== DATA EXTRACTS ==

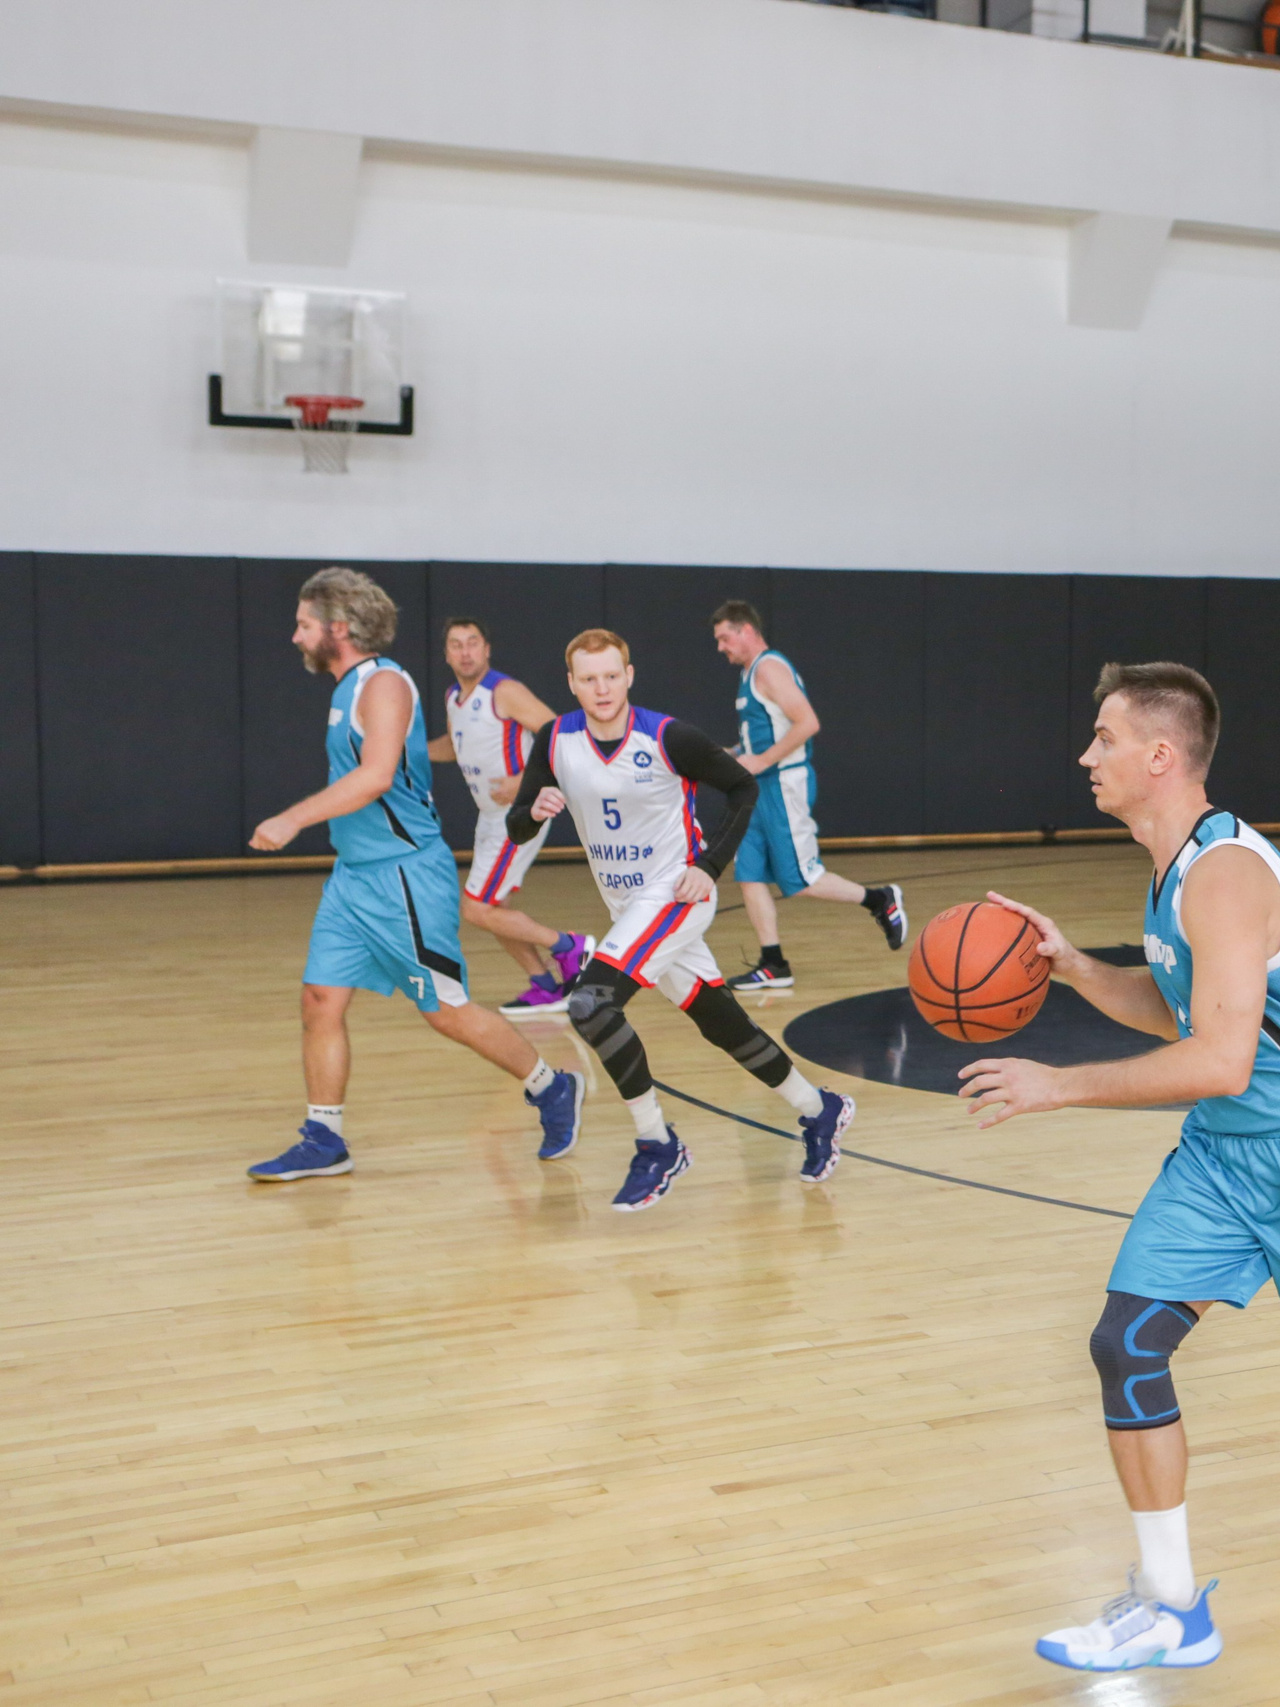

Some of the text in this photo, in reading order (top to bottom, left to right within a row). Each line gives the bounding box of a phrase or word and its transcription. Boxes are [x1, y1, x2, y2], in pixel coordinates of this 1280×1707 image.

[601, 798, 621, 831] 5
[598, 872, 644, 889] САРОВ
[408, 975, 425, 1000] 7
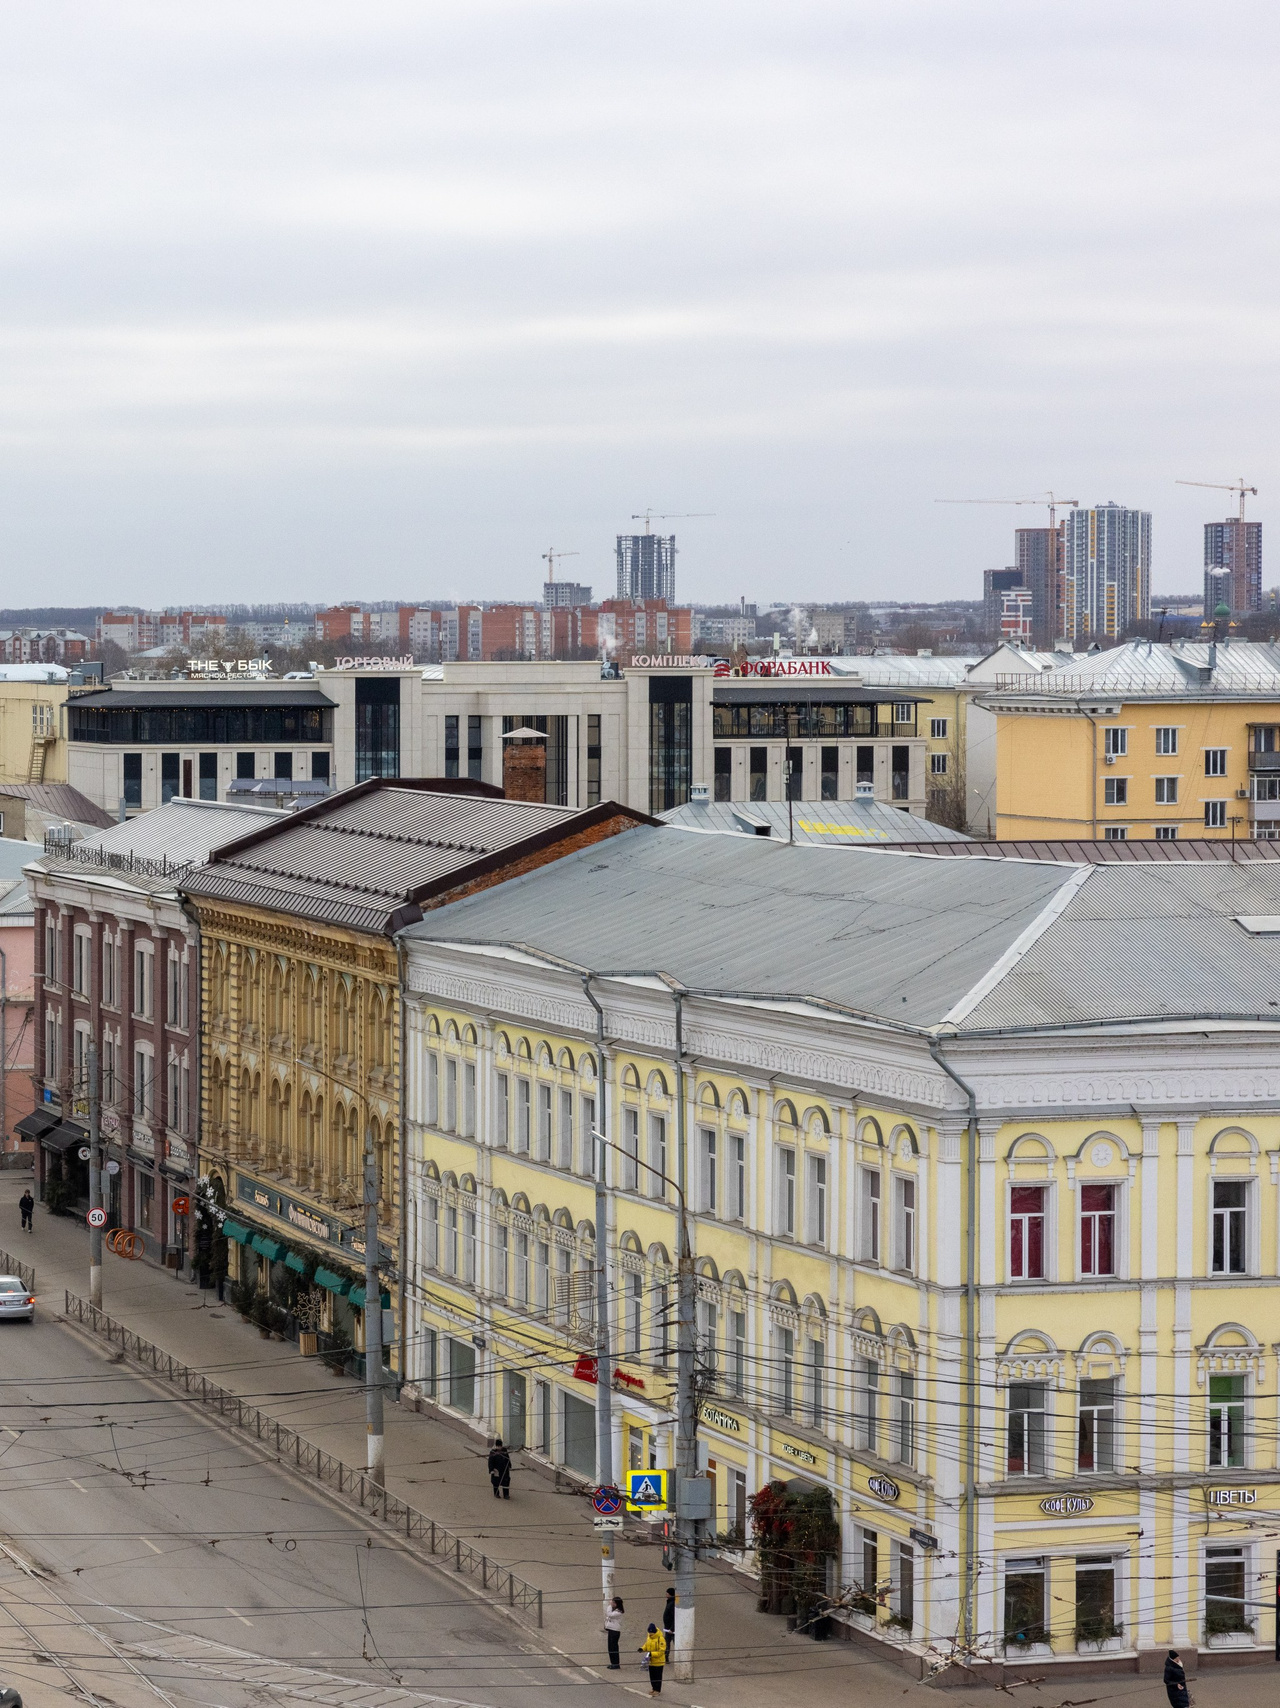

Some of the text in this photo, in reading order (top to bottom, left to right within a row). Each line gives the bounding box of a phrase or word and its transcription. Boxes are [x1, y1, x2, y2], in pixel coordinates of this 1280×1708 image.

[187, 660, 273, 671] THE БЫК
[334, 654, 414, 668] ТОРГОВЫЙ
[631, 655, 708, 667] КОМПЛЕКС
[740, 660, 832, 676] ФОРАБАНК
[191, 671, 226, 679] МЯСНОЙ
[91, 1213, 103, 1222] 50
[703, 1407, 738, 1431] БОТАНИКА
[1209, 1489, 1257, 1506] ЦВЕТЫ
[1045, 1497, 1090, 1513] КОФЕ КУЛЬТ

== INSTRUCTIONS TO FOLLOW ==
Write out each line of the data exactly; the images should be left out.

== EXERCISE ANSWER ==
Some of the text in this photo, in reading order (top to bottom, left to right within a row). Each line gives the bounding box of a phrase or word and its transcription. Boxes are [x1, y1, x2, y2], in pixel coordinates of this 1280×1707 image.

[601, 798, 621, 831] 5
[598, 872, 644, 889] САРОВ
[408, 975, 425, 1000] 7

Some of the text in this photo, in reading order (top to bottom, left to right within a row). Each line gives the bounding box of a phrase or word and its transcription. Boxes are [x1, y1, x2, y2], in pixel coordinates of this 1280×1708 image.

[187, 660, 273, 671] THE БЫК
[334, 654, 414, 668] ТОРГОВЫЙ
[631, 655, 708, 667] КОМПЛЕКС
[740, 660, 832, 676] ФОРАБАНК
[191, 671, 226, 679] МЯСНОЙ
[91, 1213, 103, 1222] 50
[703, 1407, 738, 1431] БОТАНИКА
[1209, 1489, 1257, 1506] ЦВЕТЫ
[1045, 1497, 1090, 1513] КОФЕ КУЛЬТ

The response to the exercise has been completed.